» Try it: Could you transcribe every record below exactly, leaving out the pictures?

(Material for this task begins)

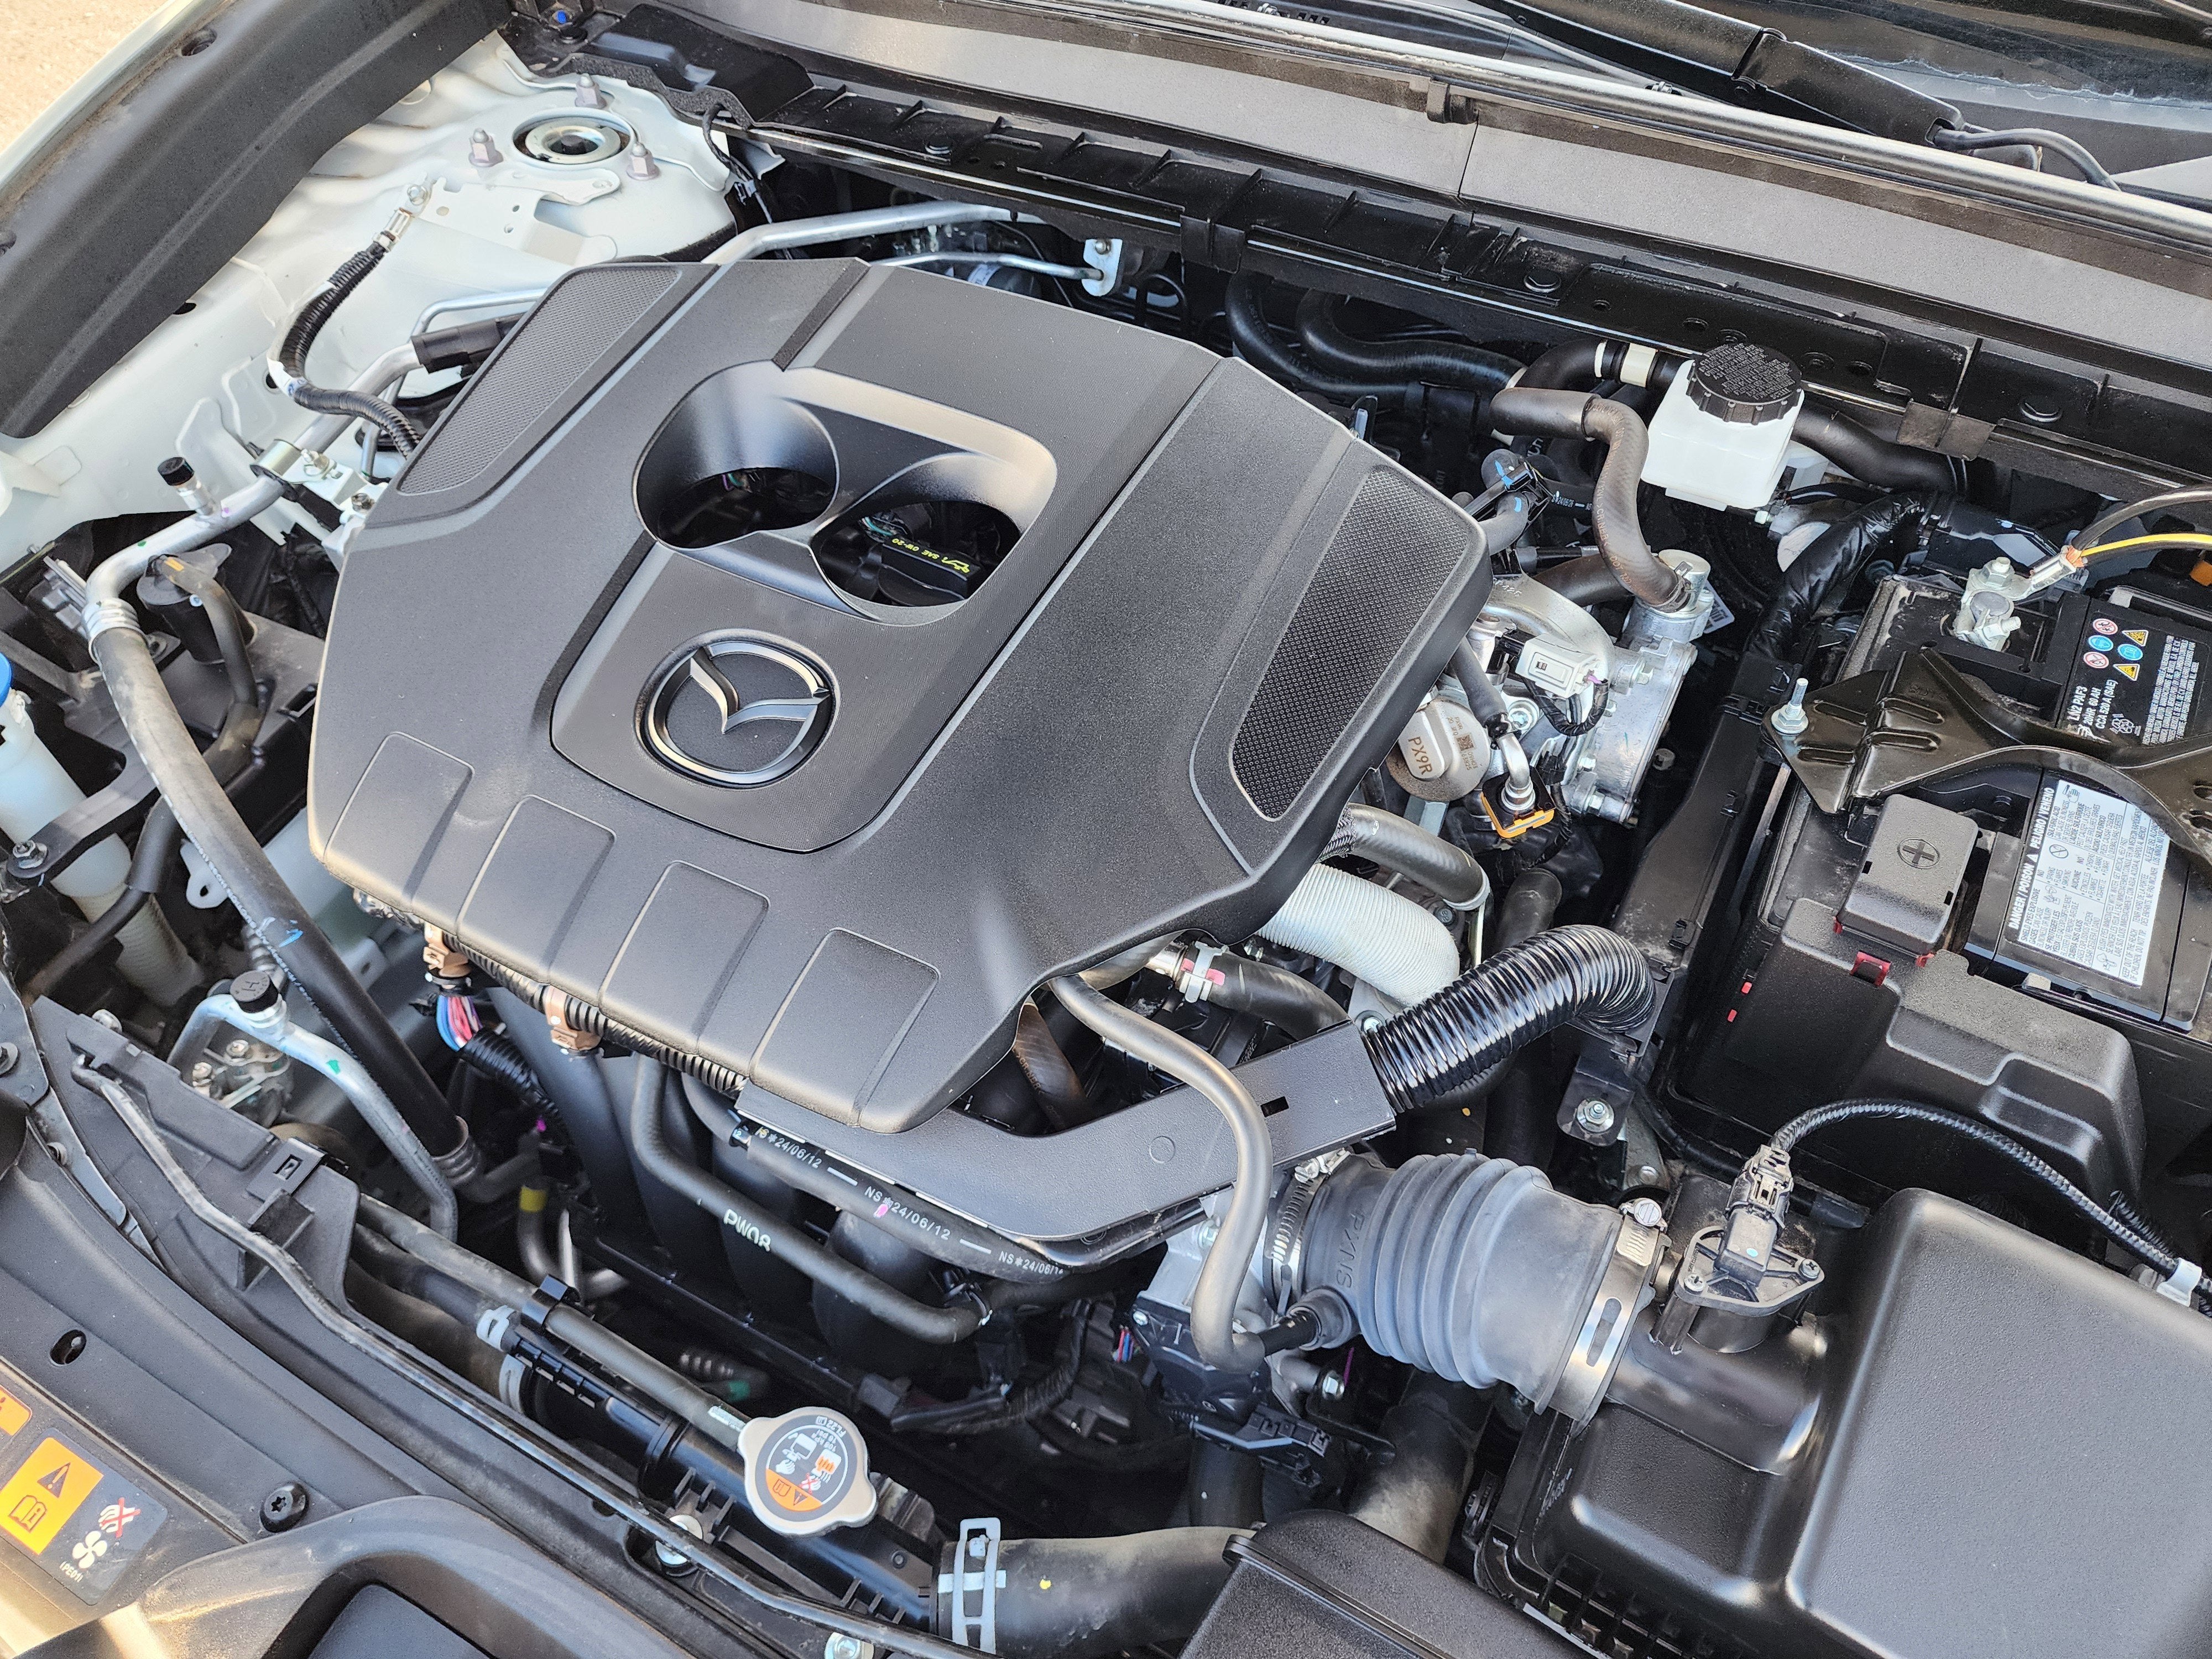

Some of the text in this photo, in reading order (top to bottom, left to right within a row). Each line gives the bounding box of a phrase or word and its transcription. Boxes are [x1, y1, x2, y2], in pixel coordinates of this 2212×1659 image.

[892, 538, 940, 559] SAE 0W-20
[1408, 737, 1433, 774] PX9R
[2073, 802, 2084, 827] SULFURIQUE
[2047, 816, 2057, 836] SULFURIC
[2008, 896, 2027, 929] DANGER
[2018, 863, 2035, 892] POISON
[2030, 818, 2046, 848] PELIGRO
[2038, 787, 2054, 815] VENENO
[2077, 855, 2084, 864] NO
[2037, 869, 2044, 877] NO
[2071, 870, 2080, 889] AUCUNE
[2021, 888, 2039, 941] SHIELD EYES EXPLOSIVE
[2068, 919, 2083, 958] CUBRA SUS OJOS
[825, 1419, 847, 1437] FL22
[59, 1561, 83, 1583] (PE01)

(Material for this task ends)

» Task result:
Some of the text in this photo, in reading order (top to bottom, left to right within a row). Each line gives the bounding box of a phrase or word and its transcription. Boxes are [x1, y1, x2, y2], in pixel coordinates of this 2212×1659 image.

[892, 538, 940, 559] SAE 0W-20
[1408, 737, 1433, 774] PX9R
[2073, 802, 2084, 827] SULFURIQUE
[2047, 816, 2057, 836] SULFURIC
[2008, 896, 2027, 929] DANGER
[2018, 863, 2035, 892] POISON
[2030, 818, 2046, 848] PELIGRO
[2038, 787, 2054, 815] VENENO
[2077, 855, 2084, 864] NO
[2037, 869, 2044, 877] NO
[2071, 870, 2080, 889] AUCUNE
[2021, 888, 2039, 941] SHIELD EYES EXPLOSIVE
[2068, 919, 2083, 958] CUBRA SUS OJOS
[825, 1419, 847, 1437] FL22
[59, 1561, 83, 1583] (PE01)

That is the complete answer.